Directions for this task: Go through the records below and set each one down exactly, leaving out any pictures.

%%

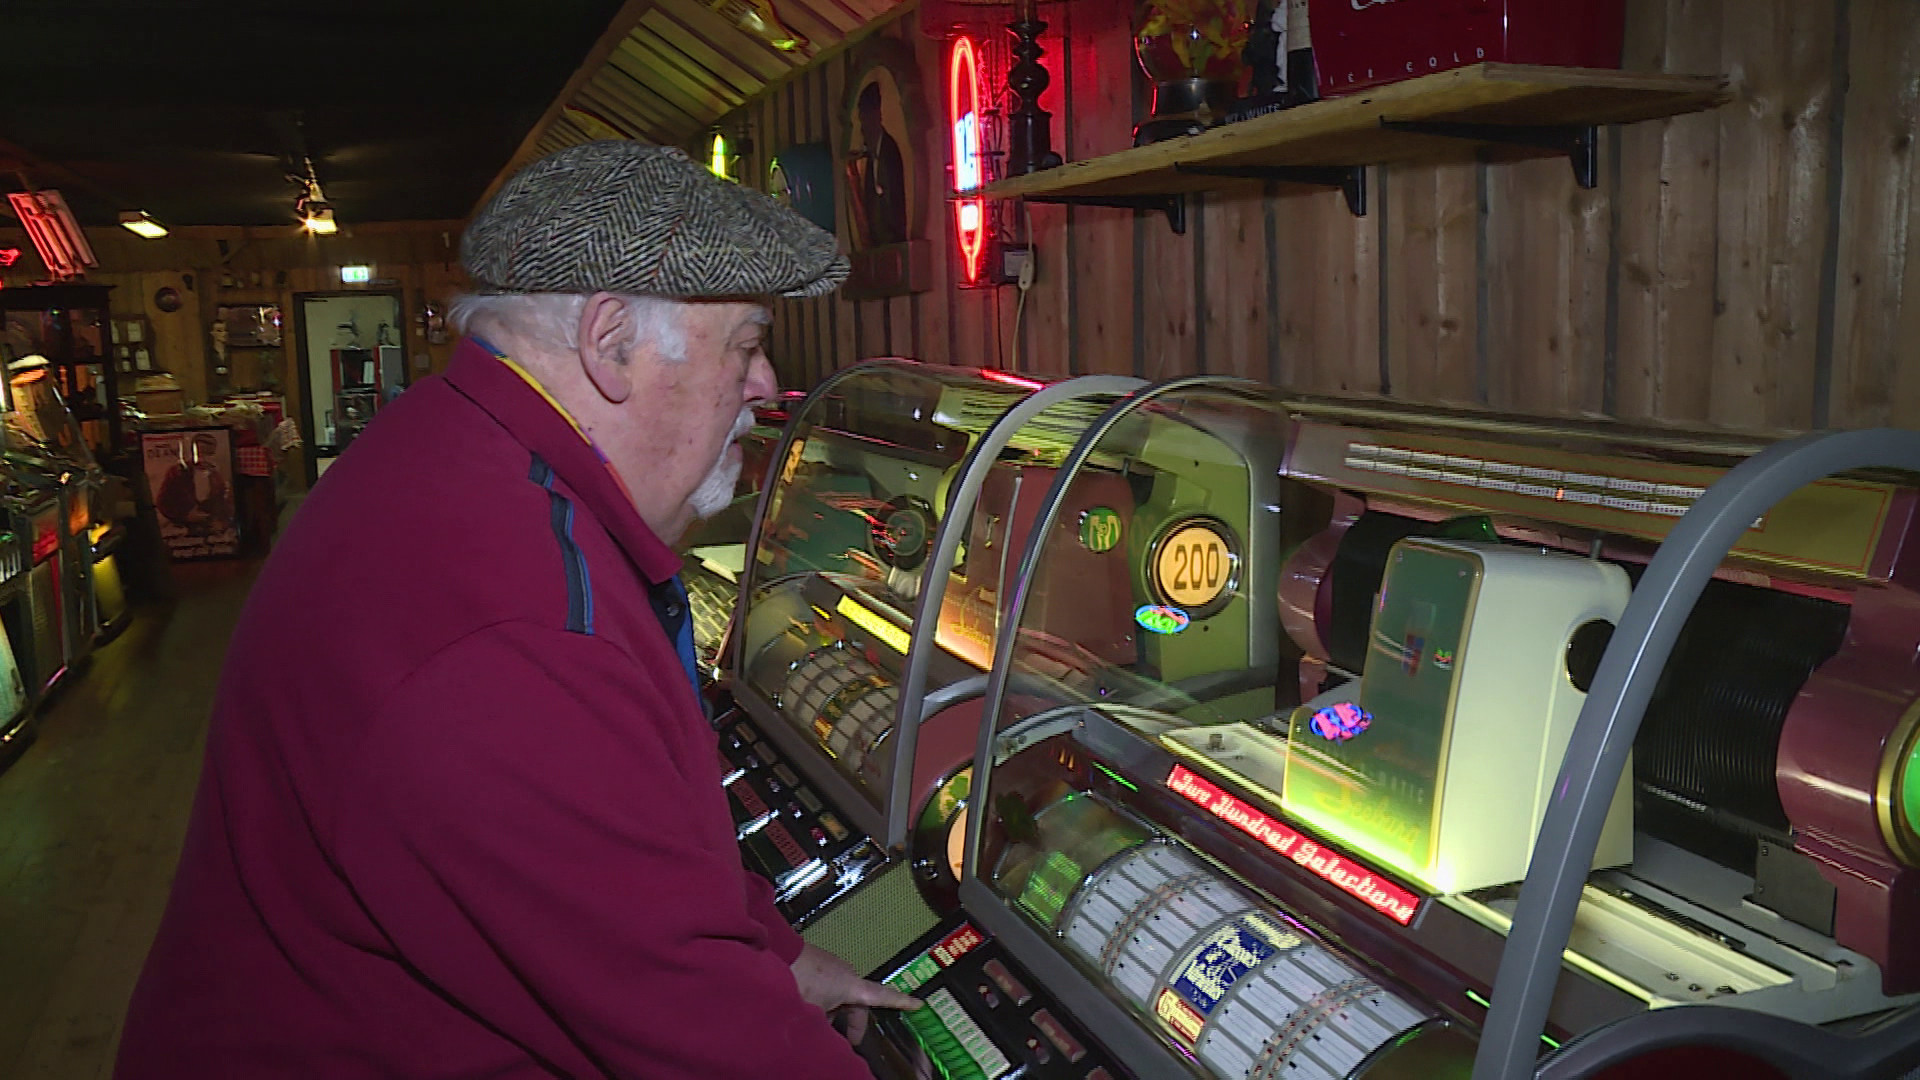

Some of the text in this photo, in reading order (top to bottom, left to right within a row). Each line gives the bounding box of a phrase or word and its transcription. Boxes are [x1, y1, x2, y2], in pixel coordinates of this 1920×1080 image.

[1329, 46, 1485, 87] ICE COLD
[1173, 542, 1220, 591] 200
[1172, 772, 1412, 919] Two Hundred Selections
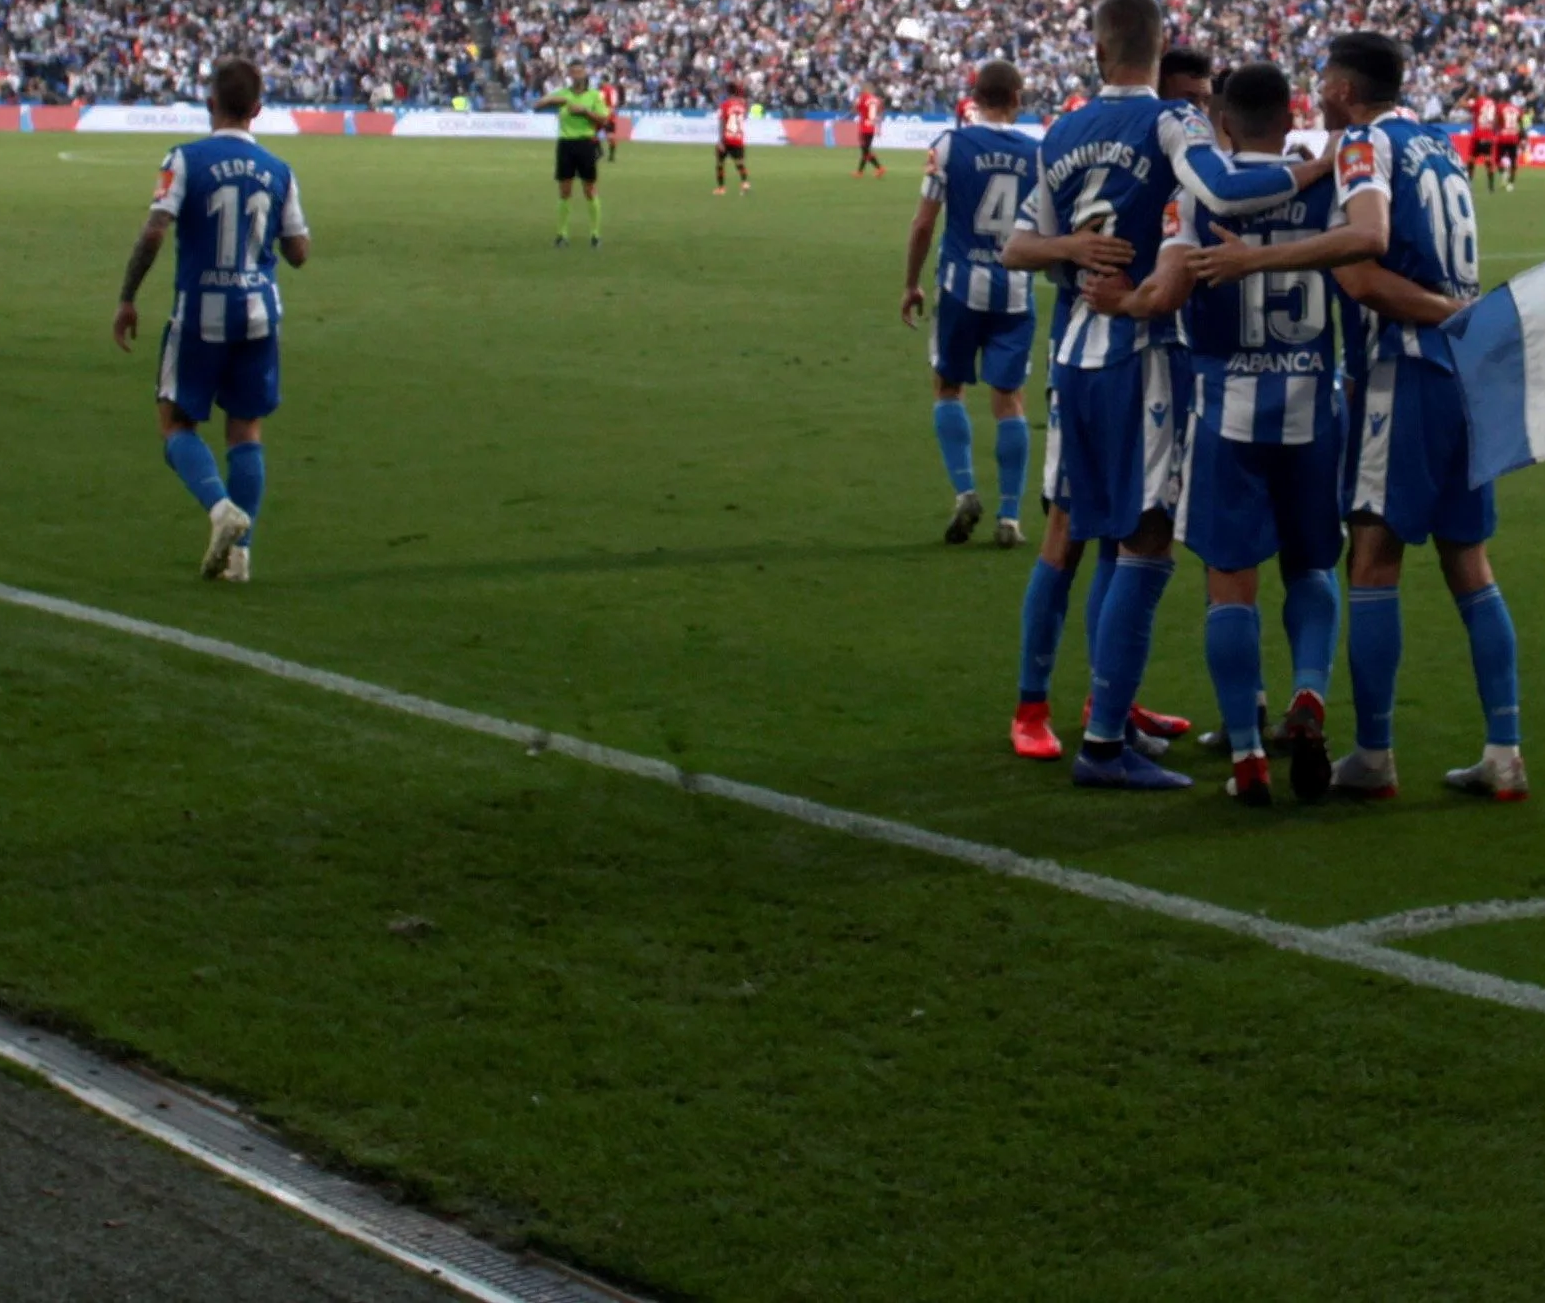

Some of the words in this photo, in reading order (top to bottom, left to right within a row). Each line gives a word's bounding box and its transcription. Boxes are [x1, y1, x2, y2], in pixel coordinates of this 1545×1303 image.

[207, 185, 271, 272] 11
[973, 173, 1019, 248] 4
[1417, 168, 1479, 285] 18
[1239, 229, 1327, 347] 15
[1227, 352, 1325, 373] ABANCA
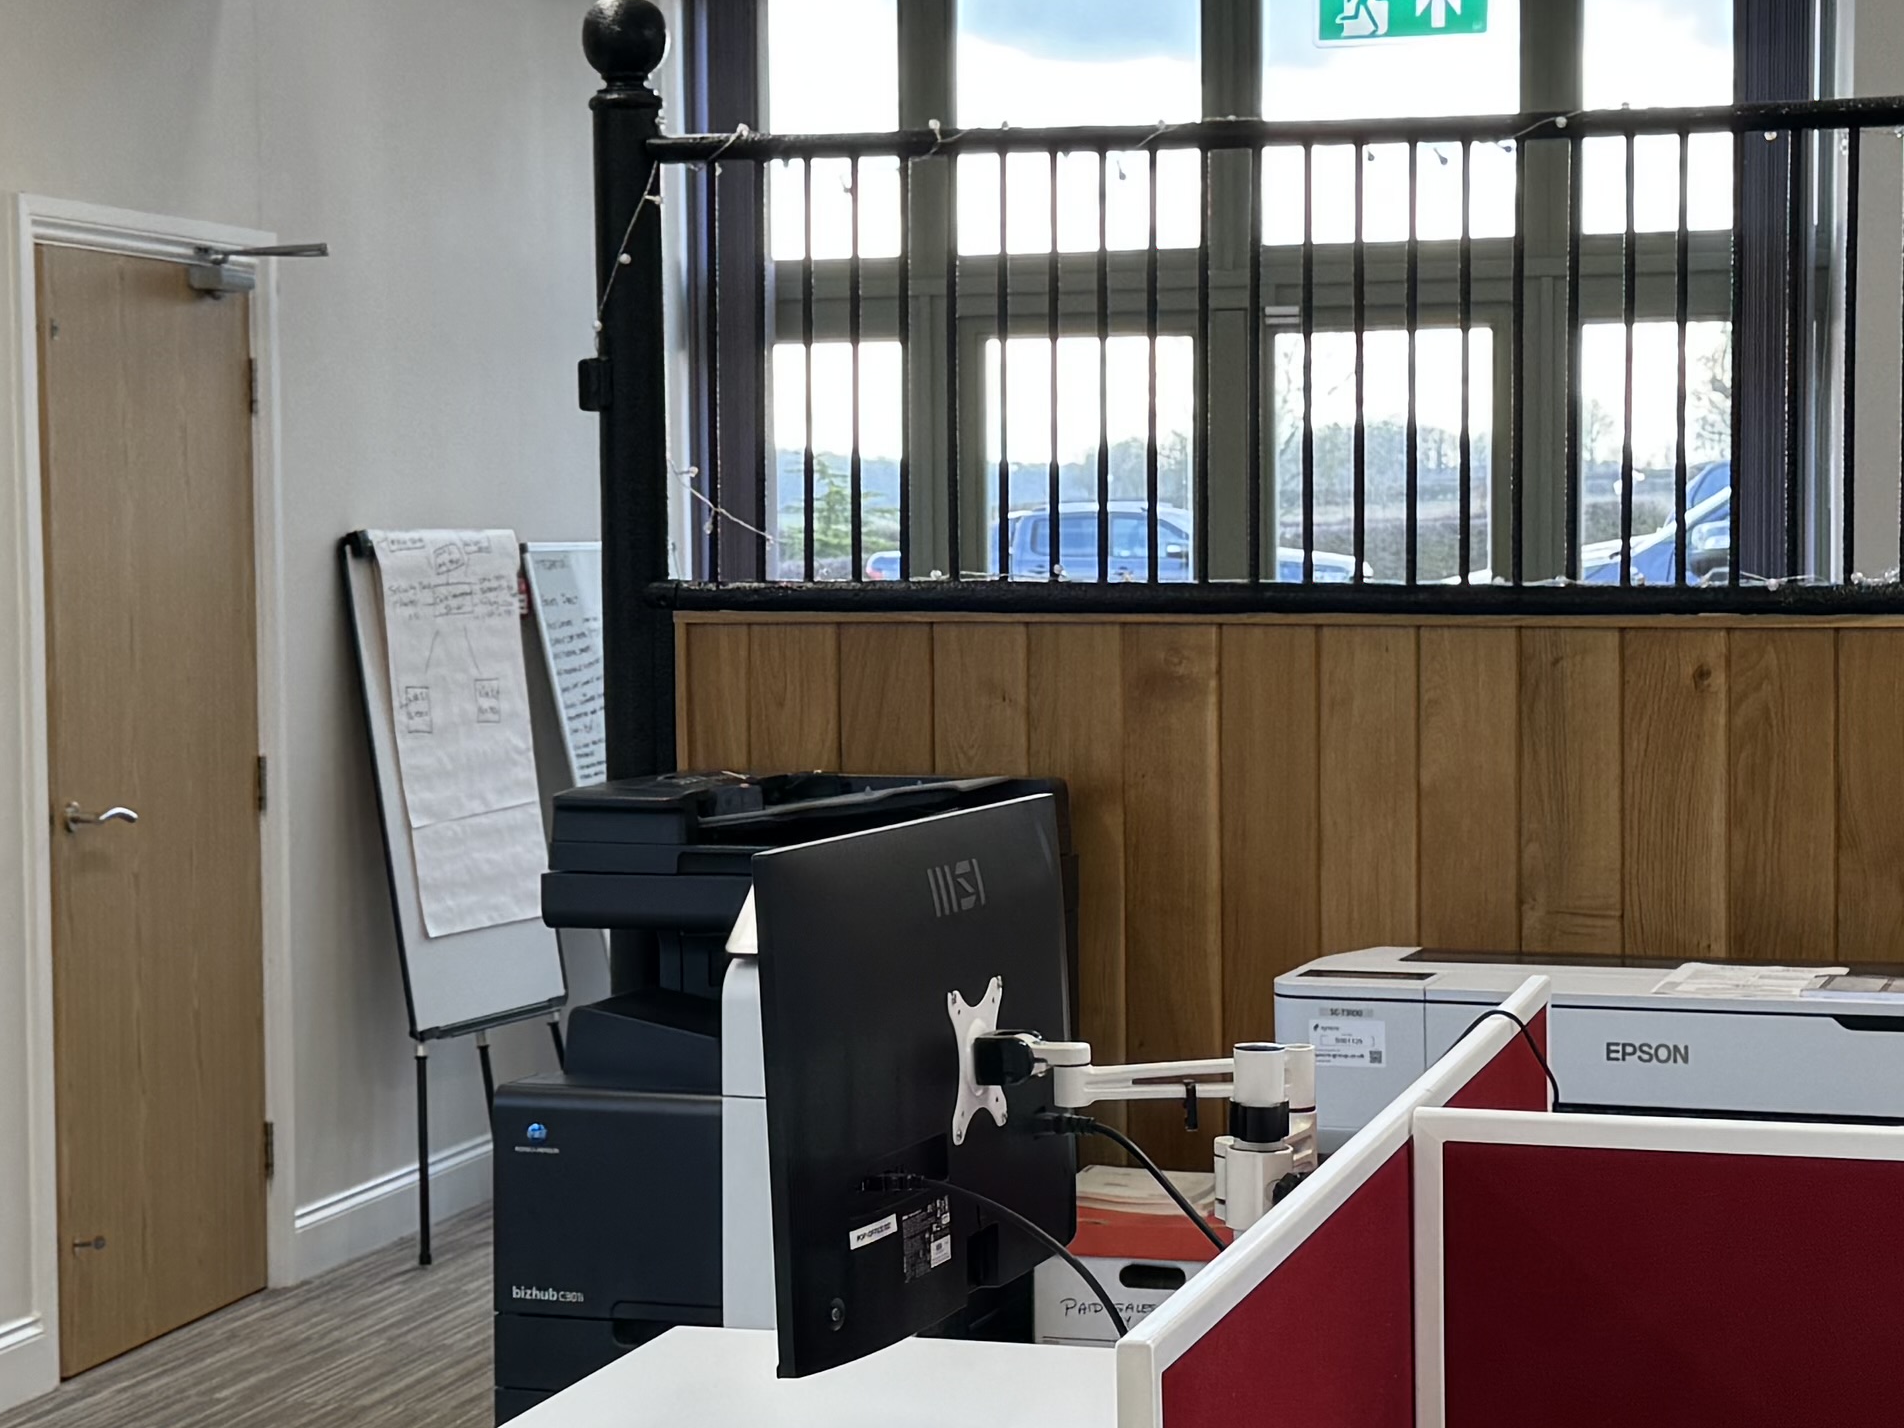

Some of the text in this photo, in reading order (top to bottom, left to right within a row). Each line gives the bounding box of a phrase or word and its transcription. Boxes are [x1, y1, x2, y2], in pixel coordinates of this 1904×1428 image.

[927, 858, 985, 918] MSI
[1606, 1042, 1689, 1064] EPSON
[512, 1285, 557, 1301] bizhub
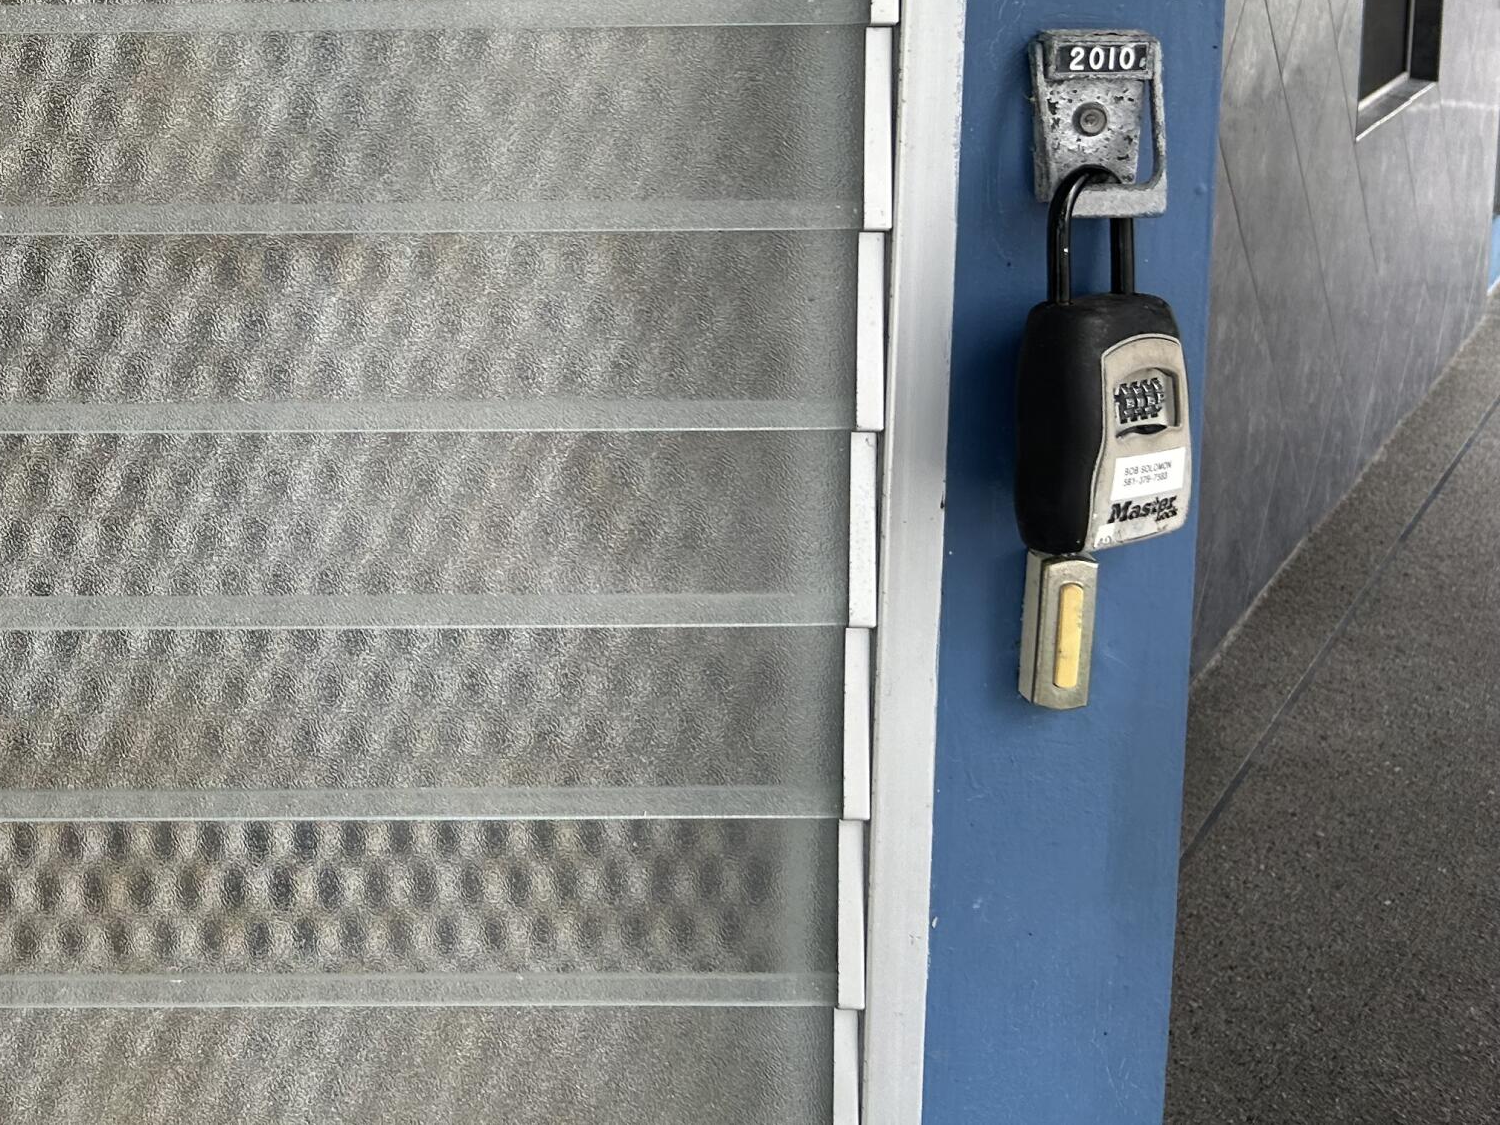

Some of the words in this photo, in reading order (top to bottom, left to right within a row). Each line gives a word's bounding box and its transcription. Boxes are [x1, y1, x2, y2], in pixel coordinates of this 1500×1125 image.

%%

Answer for the task:
Some of the text in this photo, in reading order (top to bottom, left to right within a row). Each line gives the bounding box of a phrase or word and its transcription. Boxes are [x1, y1, x2, y2], in pixel coordinates of this 1920×1080 image.

[1329, 46, 1485, 87] ICE COLD
[1173, 542, 1220, 591] 200
[1172, 772, 1412, 919] Two Hundred Selections

Some of the words in this photo, in reading order (top to bottom, left to right within a row). Each line gives a word's bounding box and its transcription. Boxes are [x1, y1, x2, y2], in pixel coordinates of this 1545×1303 image.

[207, 185, 271, 272] 11
[973, 173, 1019, 248] 4
[1417, 168, 1479, 285] 18
[1239, 229, 1327, 347] 15
[1227, 352, 1325, 373] ABANCA

Some of the text in this photo, in reading order (top to bottom, left to right within a row). Each line gives the bounding box of a phrase or word and its transcription. Boxes are [x1, y1, x2, y2], in pixel coordinates of this 1904×1428 image.

[927, 858, 985, 918] MSI
[1606, 1042, 1689, 1064] EPSON
[512, 1285, 557, 1301] bizhub

Some of the words in this photo, in reading order (top to bottom, left to right within a row). Each line gives a word's bounding box and its transcription. Boxes are [x1, y1, x2, y2], in pixel coordinates of this 1500×1125 image.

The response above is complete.